BLOCK: And, Adam, I gather you're in a spot where you can easily illustrate some of what we're talking about. You're on the street in Rochester, New York. And explain this buzzword that we're hearing, Big Data, and why you're so interested in it.

FRANK: Well, to understand all the excitement about Big Data, you need to keep just one idea in mind, and that's digital breadcrumbs.

BLOCK: Digital breadcrumbs. What's a digital breadcrumb?

FRANK: Well, they're basically the electronic traces in ones and zeroes that we've all been leaving, you know, from cellphone location records to grocery store shopping choices, even to Facebook posts. Last year, we all generated so much data that it would take about 60 billion iPhones to hold it all. That's a lot of information, and it's all out there, getting stored and being processed somewhere by super fast computers.

Now, I've been using supercomputers my whole life, but what's new about Big Data is that rather than using equations to generate wads of information, with Big Data, all that information is actually coming from the world itself.

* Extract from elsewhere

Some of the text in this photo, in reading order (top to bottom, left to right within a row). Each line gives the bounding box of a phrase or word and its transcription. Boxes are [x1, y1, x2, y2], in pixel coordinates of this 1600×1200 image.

It's the real world, and that opens up really profound new possibilities.

And to see what I'm talking about, you could go to Google Maps right now and look up Highland Hospital in Rochester because that's where I'm standing in front of.

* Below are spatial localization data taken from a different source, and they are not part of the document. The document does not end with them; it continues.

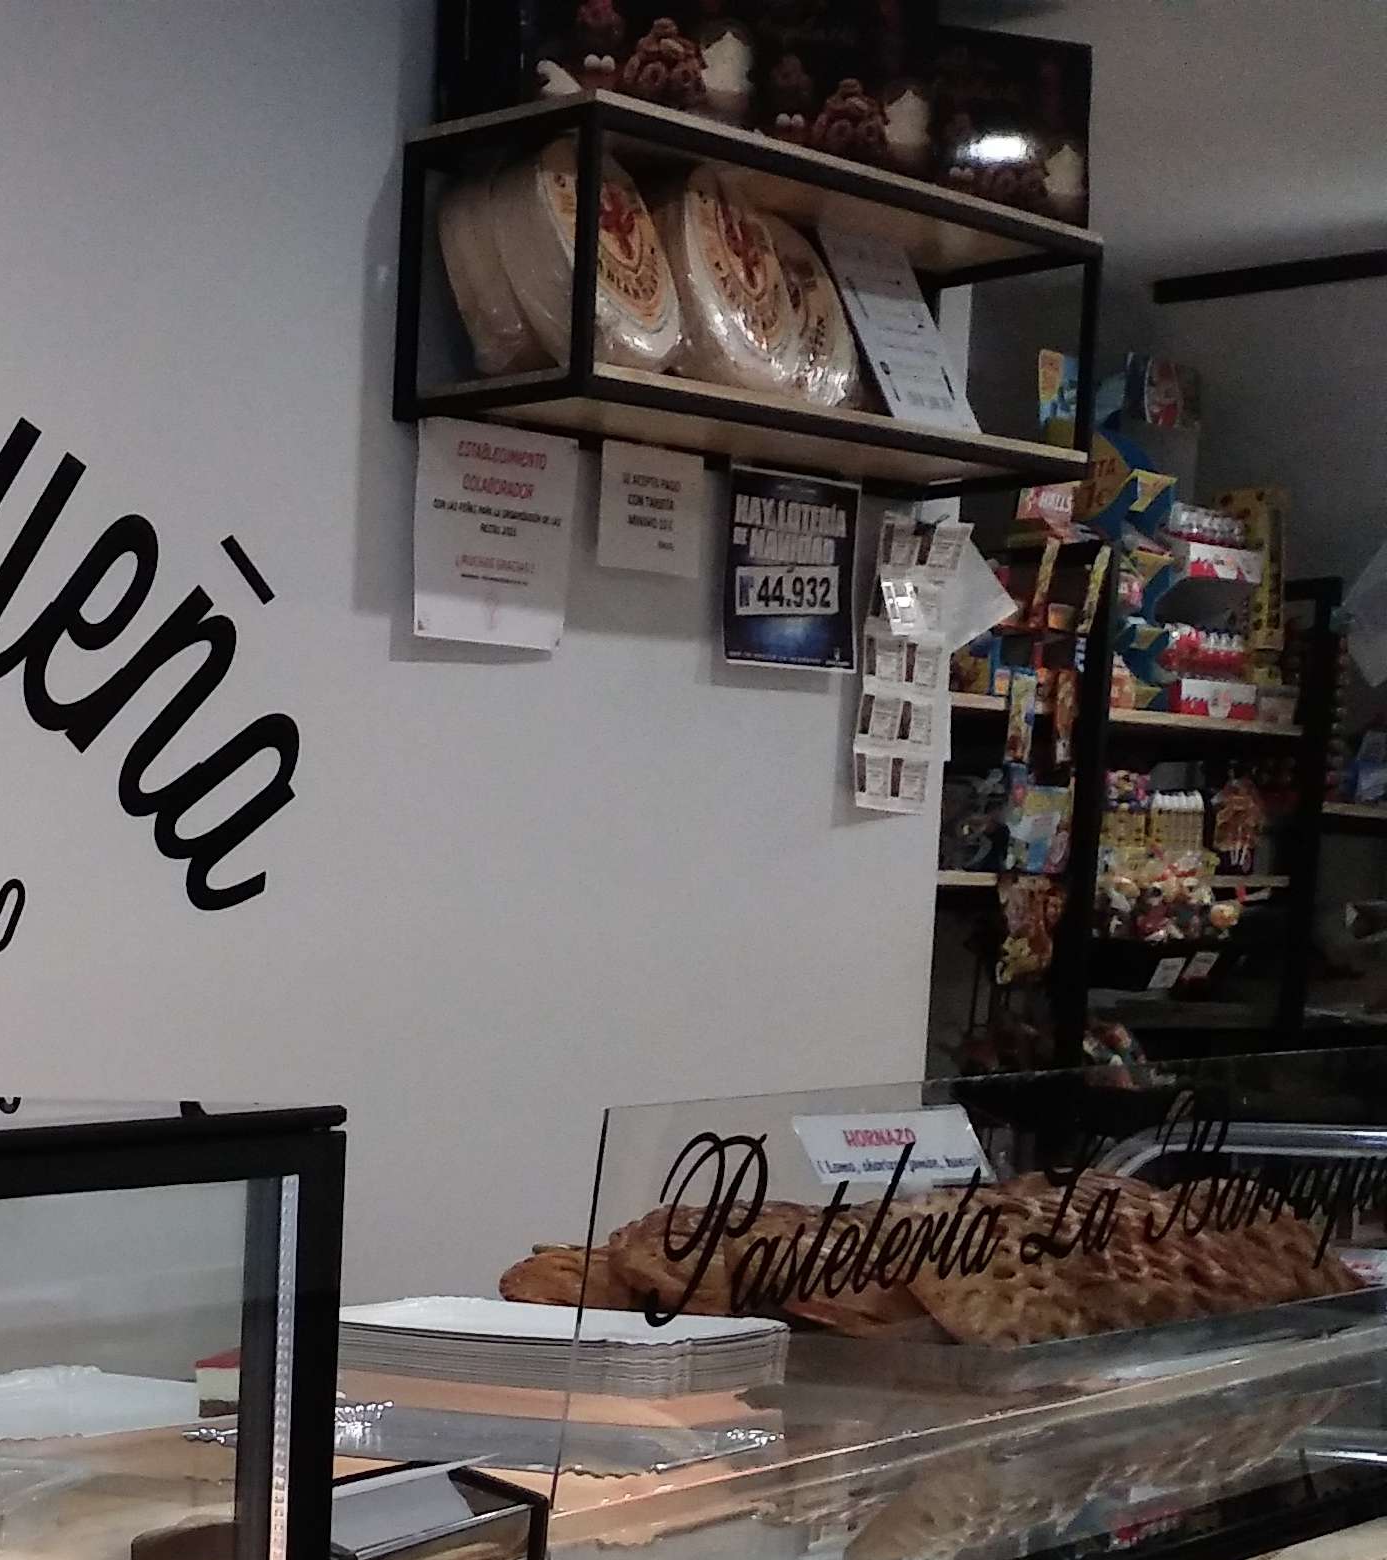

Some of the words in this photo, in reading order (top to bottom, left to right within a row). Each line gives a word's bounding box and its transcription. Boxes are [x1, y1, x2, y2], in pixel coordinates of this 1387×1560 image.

[457, 439, 548, 471] ESTABLECIMIENTO
[462, 472, 536, 500] COLABORADOR
[734, 493, 776, 529] HAY
[749, 528, 836, 565] NAVIDAD
[757, 575, 832, 609] 44.932
[842, 1127, 917, 1148] HORNAZO
[645, 1132, 1006, 1327] Pastelería
[1020, 1133, 1121, 1264] La

BLOCK: OK. Highland Hospital, bordered by South Avenue.

FRANK: So now turn on that traffic feature that's up on the upper right.

BLOCK: OK. And now I'm looking at South Avenue, and it shows me yellow lines on South Avenue, indicating what, slightly stalled traffic?

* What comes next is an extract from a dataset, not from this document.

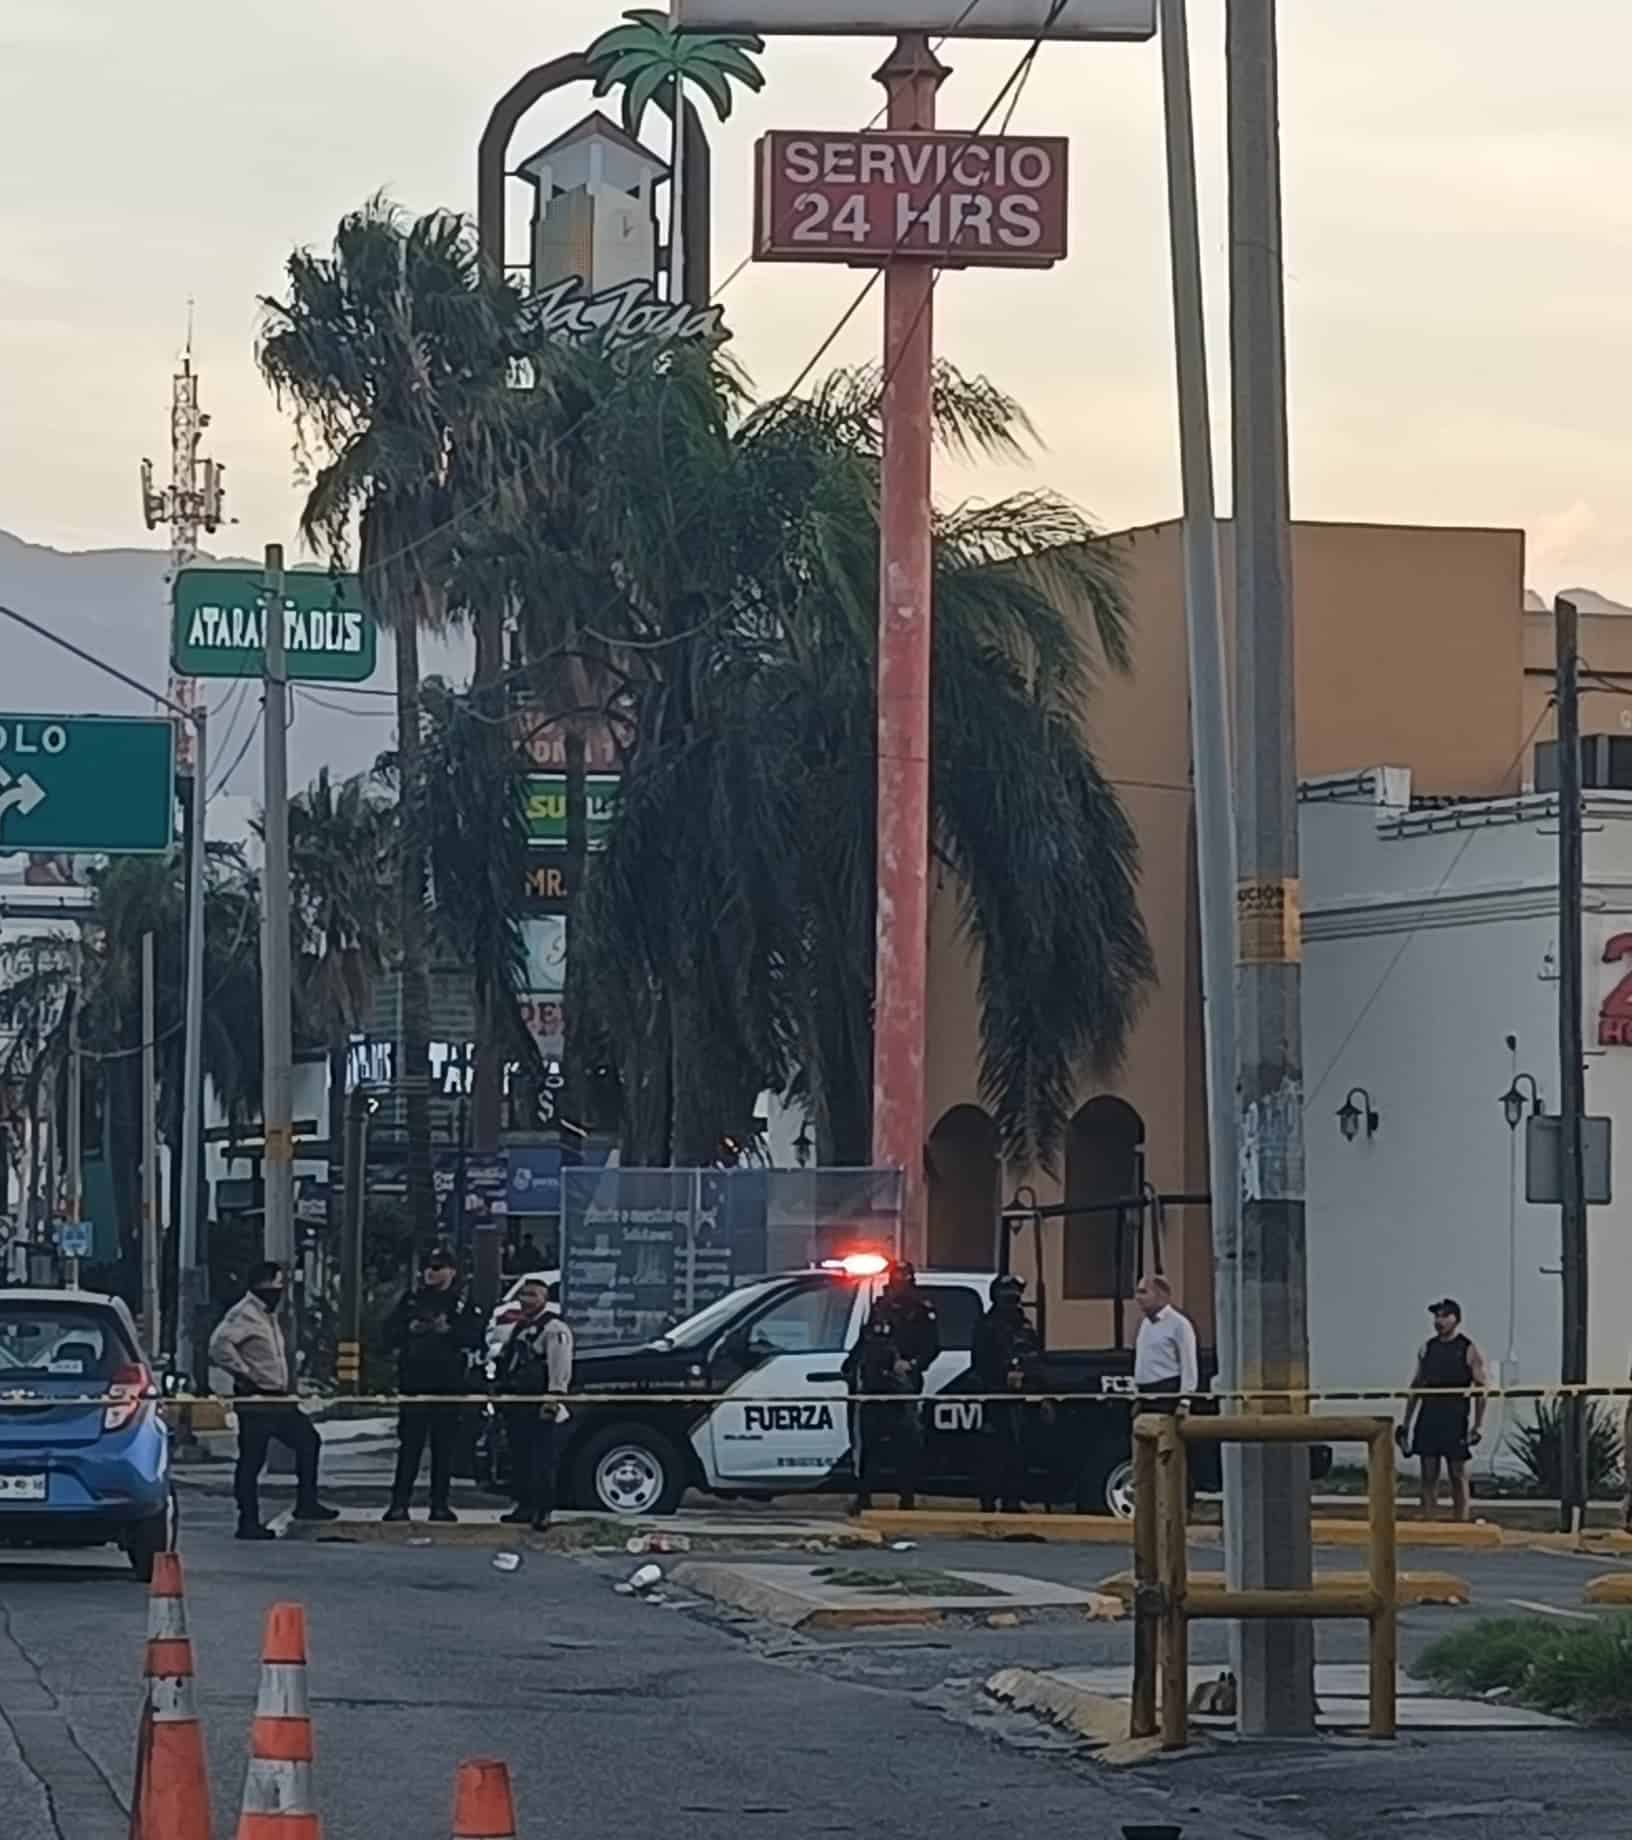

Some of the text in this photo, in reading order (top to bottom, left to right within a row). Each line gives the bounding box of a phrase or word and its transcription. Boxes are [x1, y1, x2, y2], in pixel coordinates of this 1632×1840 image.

[783, 141, 1053, 189] SERVICIO
[792, 192, 1042, 248] 24 HRS
[743, 1405, 834, 1431] FUERZA

FRANK: Yeah. They tell - it's telling you basically traffic is not completely flowing freely. And the interesting thing about that is I can see it right here in front of me, but you, who are hundreds of miles away, can also see it. And that's because of Big Data.

BLOCK: And how is that data turning into this traffic map that I'm seeing? How are they getting this picture?

FRANK: Right. That's the amazing thing, really. So what's happening is that Google is getting the traffic information basically from cellphones. It's tracking how the mobile phones are moving. And it's a case where the data is simply available on - and it's the digital breadcrumbs that we're all leaving.

So a city - or Google in this case - could actually, you know, buy up that data and use it to monitor traffic. But you can do even more than that. And this is really the amazing thing about Big Data, is that you can take that traffic data and use it to find patterns and draw conclusions about how things work when you combine it with other kinds of Big Data.

For example, you could look at those traffic patterns and see if there's any correlation, say, with the electricity use of the people in this neighborhood or the shopping patterns of the 18 to 28-years-olds in this neighborhood.

All that data is out there, and it's all ready to be mined to be able to tell us how the world works. And then, of course, there's that other big elephant in the room of Big Data: social media.

BLOCK: And how would that work out? And how would a city benefit, say, from data gathered through social media?

FRANK: All right. Well, I think a great example of this would be health. So right now, I'm here by Highland Hospital. And to make this point, I'm going to walk into the emergency center right here.


FRANK: OK. Well, one of the reasons I'm in the Highland Hospital right now is that, you know, I'm looking at people basically talking to their doctors. And those doctors are collecting information about who's sick and how.

And the old way of doing things is you'd take all that information, put it together, and then you'd know how many people had the flu last week or last month.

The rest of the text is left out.